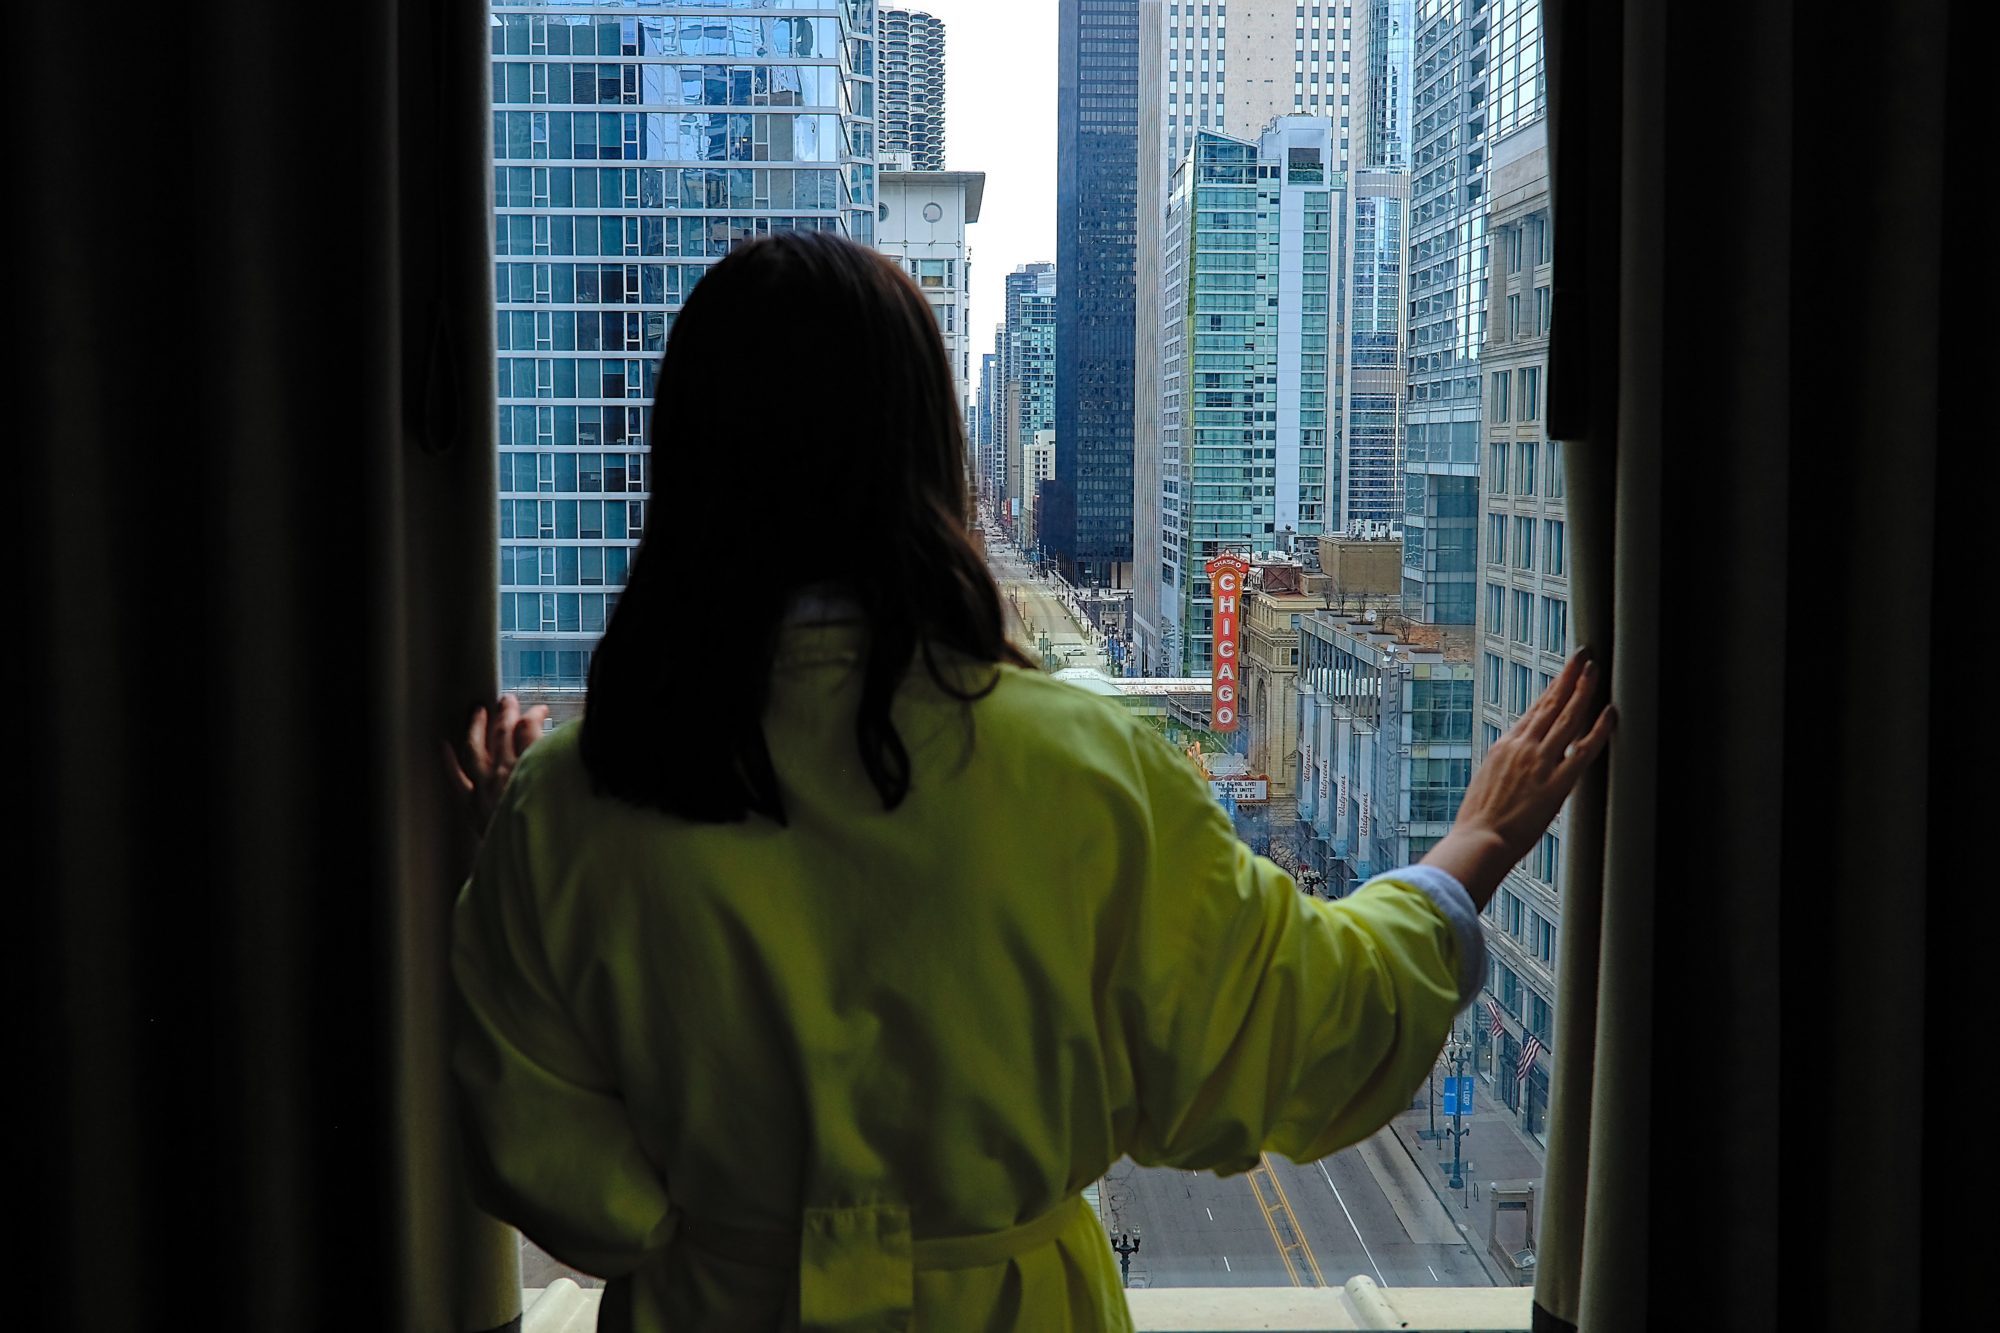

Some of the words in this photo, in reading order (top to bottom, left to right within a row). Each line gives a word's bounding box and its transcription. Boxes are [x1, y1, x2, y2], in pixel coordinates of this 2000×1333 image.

[1213, 559, 1236, 568] CHASE
[1216, 573, 1236, 724] CHICAGO
[1388, 671, 1398, 742] BALLET
[1303, 744, 1313, 783] Walgreens
[1320, 759, 1330, 799] Walgreens
[1338, 775, 1348, 817] Walgreens
[1384, 750, 1397, 834] JOFFREY
[1360, 792, 1371, 837] Walgreens
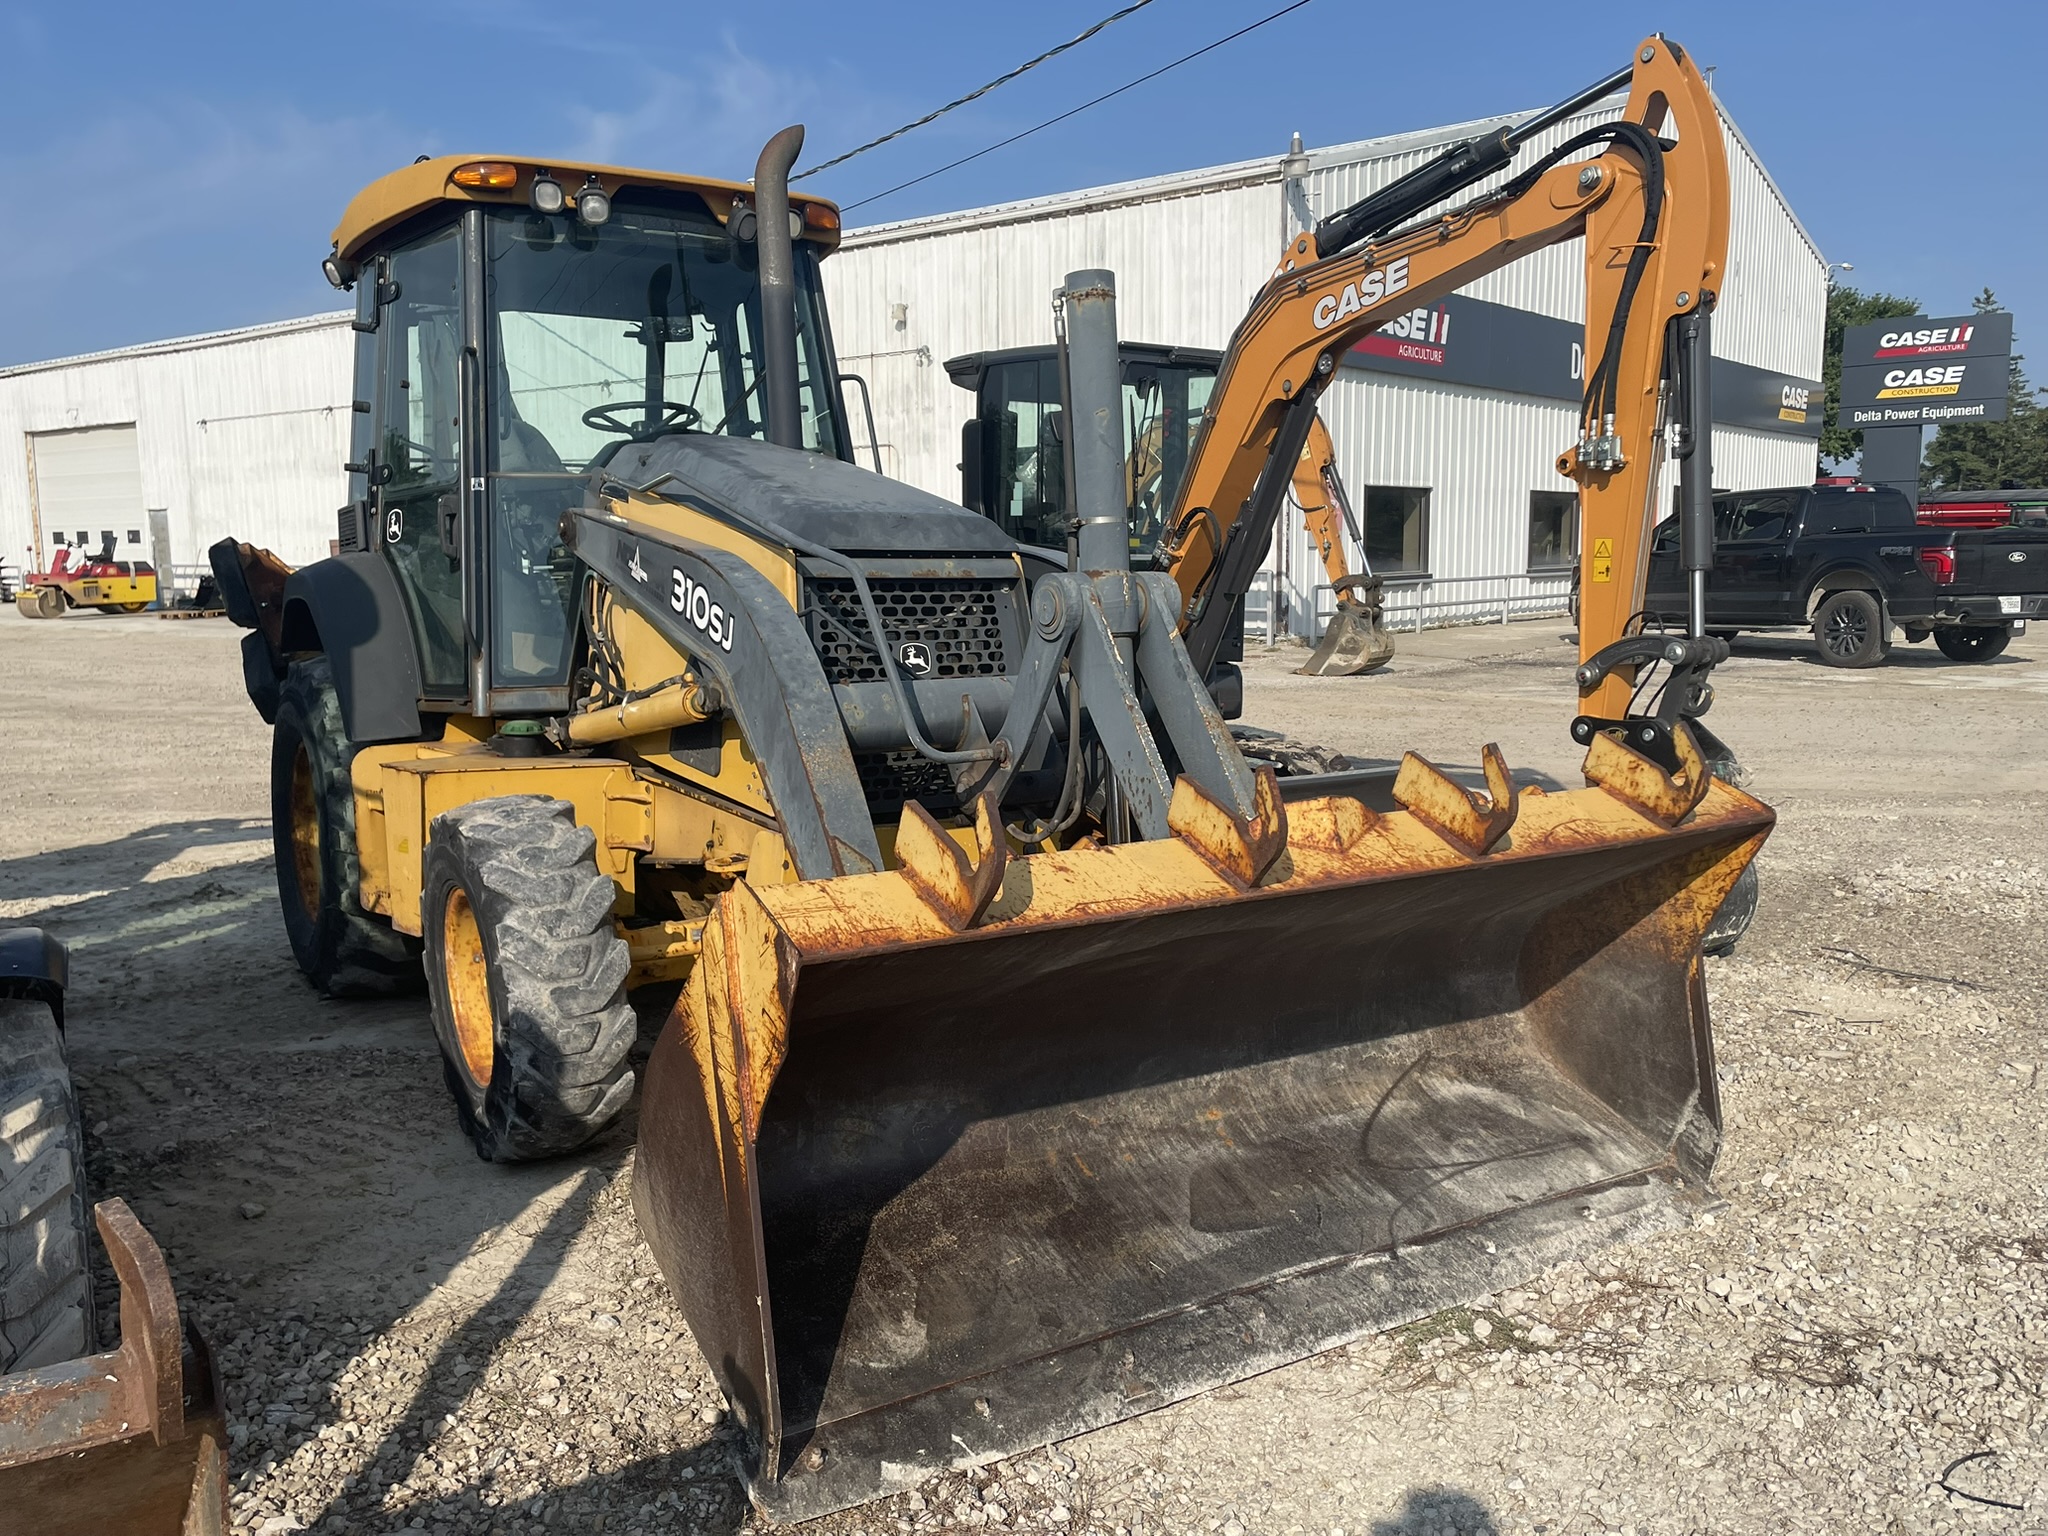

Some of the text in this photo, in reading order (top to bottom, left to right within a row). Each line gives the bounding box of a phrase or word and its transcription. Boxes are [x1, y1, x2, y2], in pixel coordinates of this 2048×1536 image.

[1313, 255, 1410, 330] CASE
[1880, 328, 1949, 348] CASE
[1918, 343, 1965, 353] AGRICULTURE
[1398, 344, 1443, 363] AGRICULTURE
[1884, 365, 1966, 388] CASE
[1781, 384, 1809, 410] CASE
[1891, 386, 1957, 396] CONSTRUCTION
[1854, 404, 1985, 422] Delta Power Equipment
[670, 567, 736, 653] 310SJ
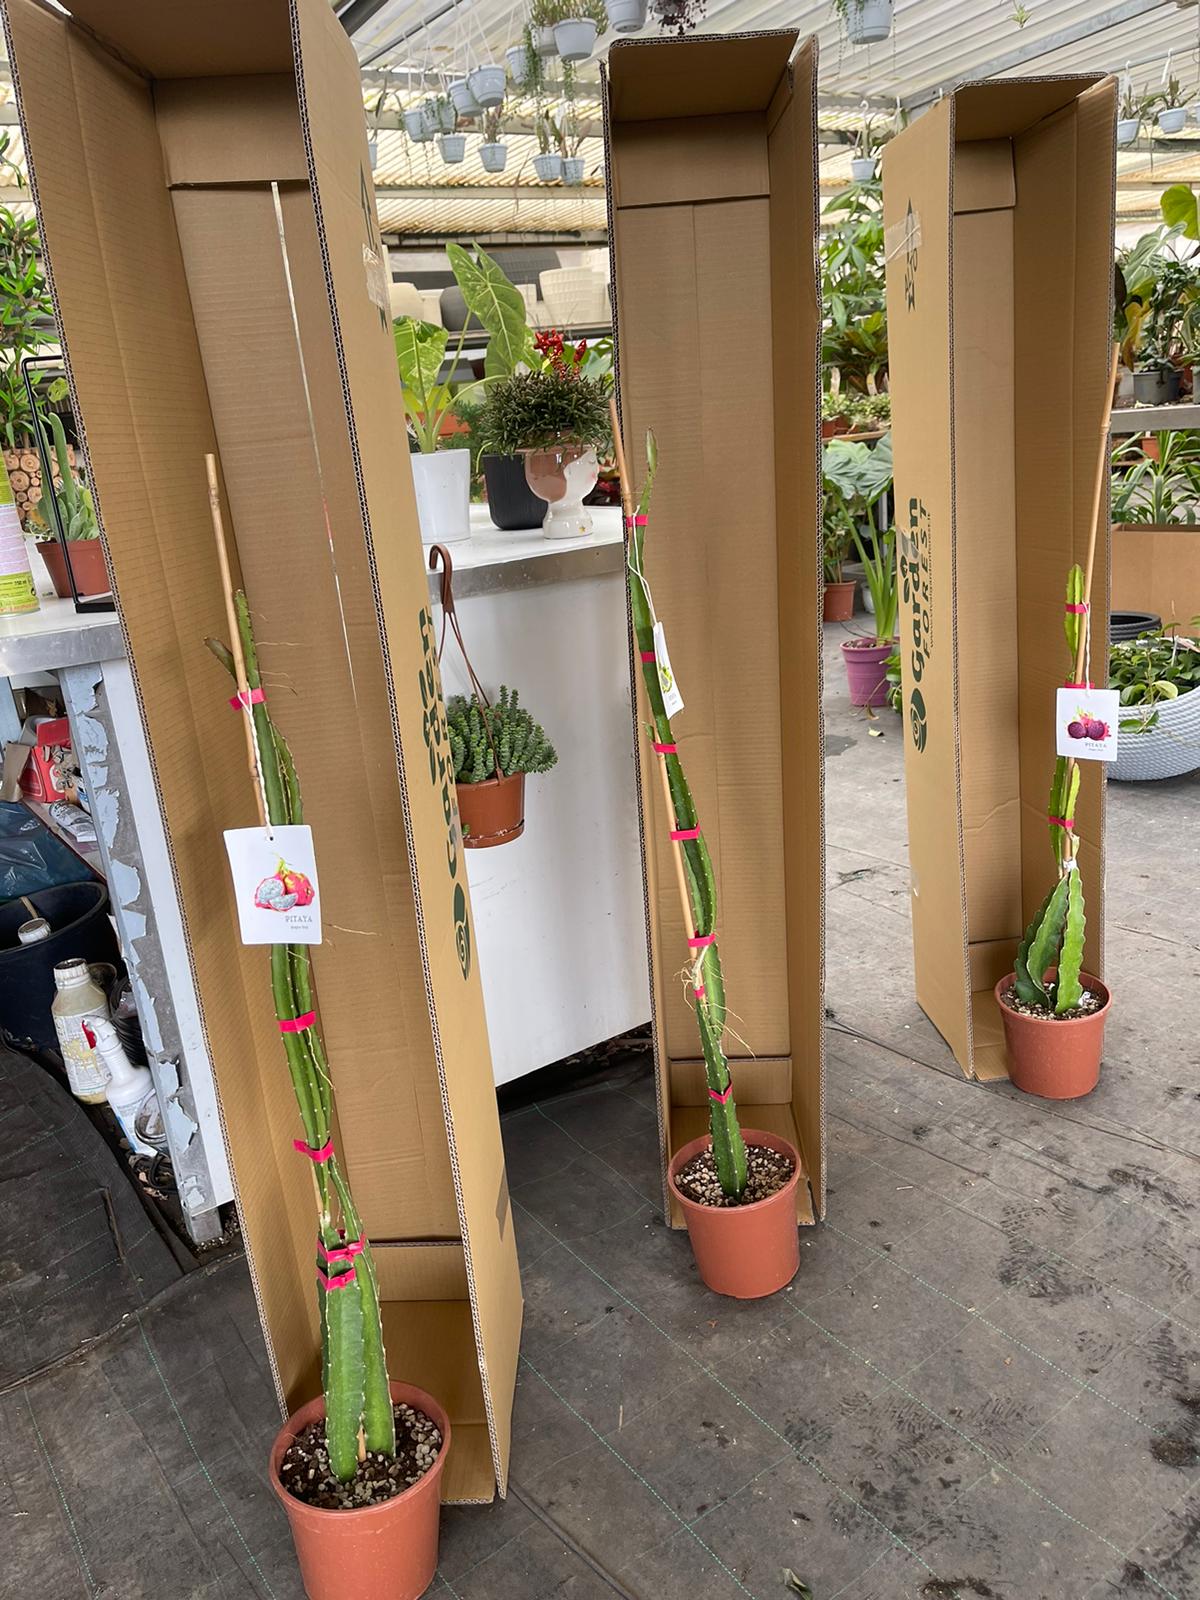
·····
Task brief
Retype all the data exactly, please, without pictures.

Exercise result
Some of the words in this photo, in reading order (top to bottom, left to right within a row). Each line gives a word's bounding box and its transcription. Boxes are [x1, y1, x2, y2], in pixel coordinates of this 2000×1333 image.

[1213, 559, 1236, 568] CHASE
[1216, 573, 1236, 724] CHICAGO
[1388, 671, 1398, 742] BALLET
[1303, 744, 1313, 783] Walgreens
[1320, 759, 1330, 799] Walgreens
[1338, 775, 1348, 817] Walgreens
[1384, 750, 1397, 834] JOFFREY
[1360, 792, 1371, 837] Walgreens

Some of the text in this photo, in reading order (top to bottom, left to right within a row). Each line gives the bounding box of a phrase or word and its transcription. Boxes are [x1, y1, x2, y2], in pixel coordinates of this 2048×1536 image.

[1313, 255, 1410, 330] CASE
[1880, 328, 1949, 348] CASE
[1918, 343, 1965, 353] AGRICULTURE
[1398, 344, 1443, 363] AGRICULTURE
[1884, 365, 1966, 388] CASE
[1781, 384, 1809, 410] CASE
[1891, 386, 1957, 396] CONSTRUCTION
[1854, 404, 1985, 422] Delta Power Equipment
[670, 567, 736, 653] 310SJ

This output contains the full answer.